A meeting between Greek Prime Minister Alexis Tsipras and recently re-elected Turkish President Recep Tayyip Erdogan on the sidelines of a NATO summit next week is increasingly viewed as crucial for the release of two Greek servicemen, which continue to be held in pre-trial detention in the neighboring country since March 1.
The two men, a lieutenant and a NCO, were detained after allegedly straying into Turkish territory along a poorly demarcated point on the Greece-Turkey frontier. No specific charges have been filed against them, a local prosecutor’s probe continues to drag on, and no court date to adjudicate charges in an indictment has been set.
Complicating the issue is official Turkey’s now very public insistence on linking the release of the two men with the return, by Greek authorities, of eight Turkish military personnel that requested political asylum in Greece. The eight, Turkish army aviation personnel, fled to northeast Greece aboard a medi-vac helicopter after a failed July 2016 coup in the neighboring country, with Turkish authorities charging that the eight are coup conspirators.
Along those lines, Turkish Foreign Minister Mevlut Cavusoglu questioned the most recent decision this week, by an independent appeals-level asylum committee in Athens, to grant formal political asylum to the third of the eight Turks.
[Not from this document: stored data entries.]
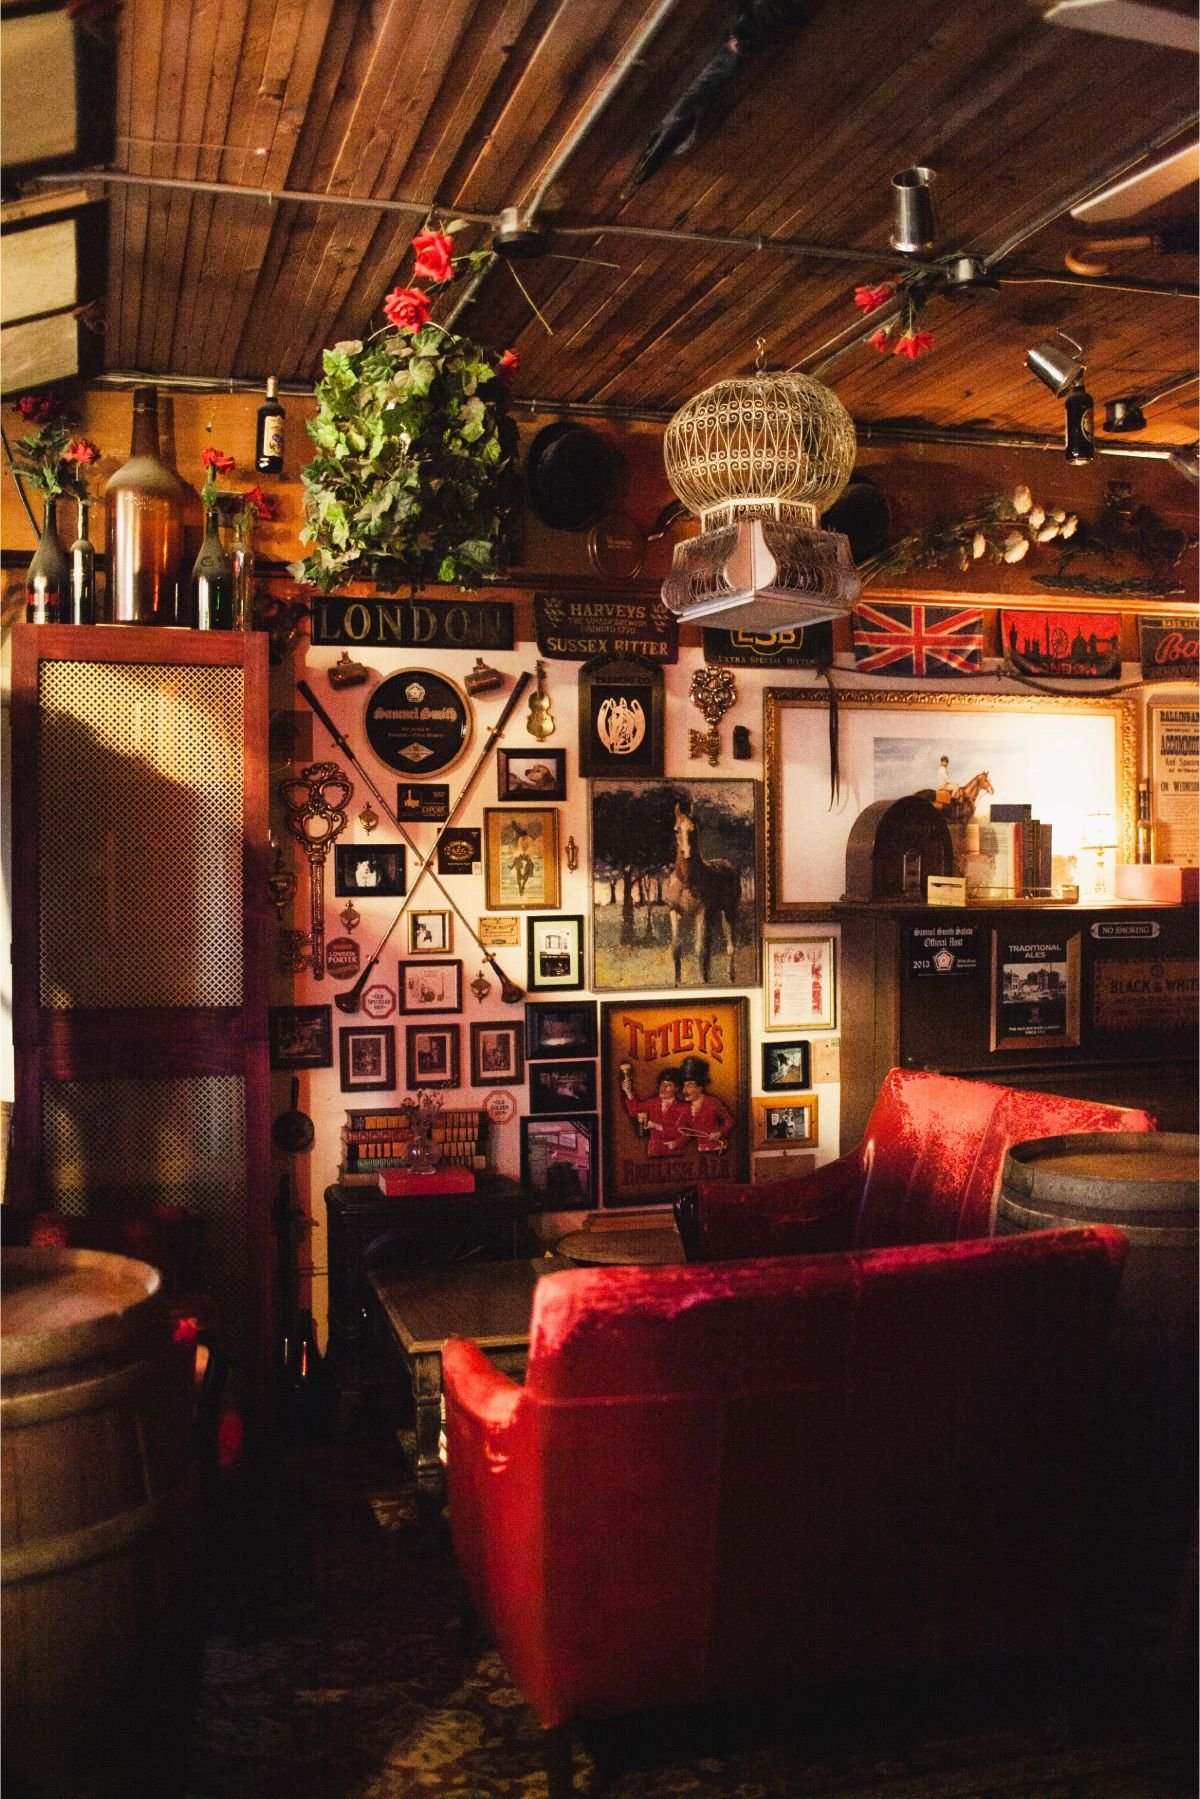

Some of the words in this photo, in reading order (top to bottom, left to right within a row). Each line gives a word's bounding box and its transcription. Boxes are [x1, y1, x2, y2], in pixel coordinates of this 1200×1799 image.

[570, 603, 646, 618] HARVEYS
[320, 603, 501, 642] LONDON
[546, 636, 608, 653] SUSSEX
[614, 639, 669, 656] BITTER
[1101, 926, 1114, 934] NO
[1115, 926, 1150, 934] SMOKING
[1008, 944, 1061, 952] TRADITIONAL
[913, 959, 930, 969] 2013
[622, 1015, 724, 1064] TETLEY'S
“This decision for asylum is truly strange, because the Greek government, initially, wanted to give them (the eight) to us… Later, it (Athens) was pressured by the West,” Cavusoglu said, in brushing off repeated decisions by Greece’s independent judiciary.
“Mr. Tsipras and Mr. Kotzias had promised to deliver the eight Turkish officers; Nikos Kotzias had personally told me this, but the Greek justice system, which they say is independent, is being pressured by the West through the putschists…” the Turkish foreign minister was quoted by the Anadolu news agency as saying. He referred to the Greek prime minister and his counterpart, Nikos Kotzias.
In a related development, the Athens daily “Ta Nea” published what it called a letter by the Turkish government to European Parliament President Antonio Tajani, directly linking the extradition of the asylum seekers with the prospect of a “fair trial” for the two Greek servicemen in a jail in the border city of Edirne.